[Stored data entries]
:::::
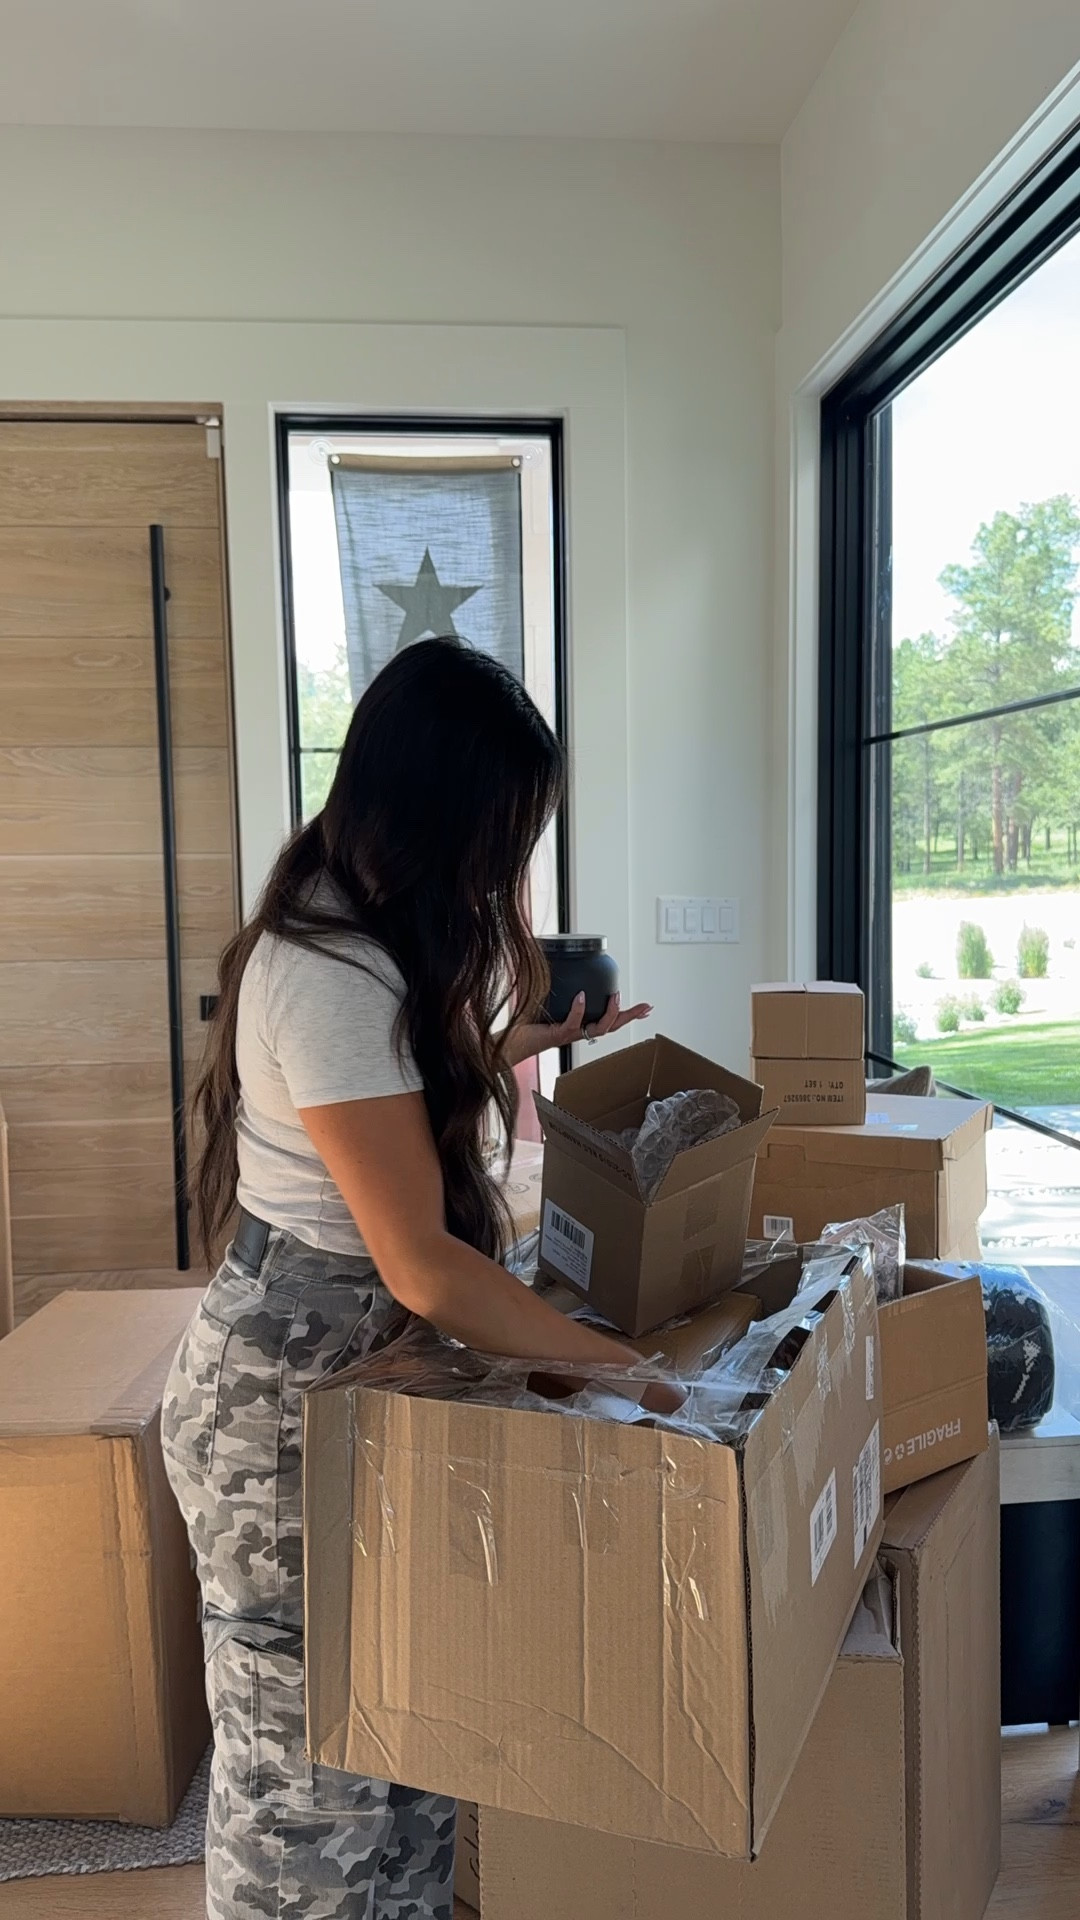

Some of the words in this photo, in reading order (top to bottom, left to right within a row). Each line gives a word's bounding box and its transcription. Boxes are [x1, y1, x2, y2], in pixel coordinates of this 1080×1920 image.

[804, 1080, 817, 1088] SET
[829, 1081, 844, 1089] QTY:
[827, 1094, 844, 1103] ITEM
[906, 1418, 961, 1456] FRAGILE
:::::
_Work to complete_. Could you copy the data above exactly, leaving the pictures out?

_Task result_.
Some of the words in this photo, in reading order (top to bottom, left to right within a row). Each line gives a word's bounding box and its transcription. Boxes are [x1, y1, x2, y2], in pixel coordinates of this 1080×1920 image.

[804, 1080, 817, 1088] SET
[829, 1081, 844, 1089] QTY:
[827, 1094, 844, 1103] ITEM
[906, 1418, 961, 1456] FRAGILE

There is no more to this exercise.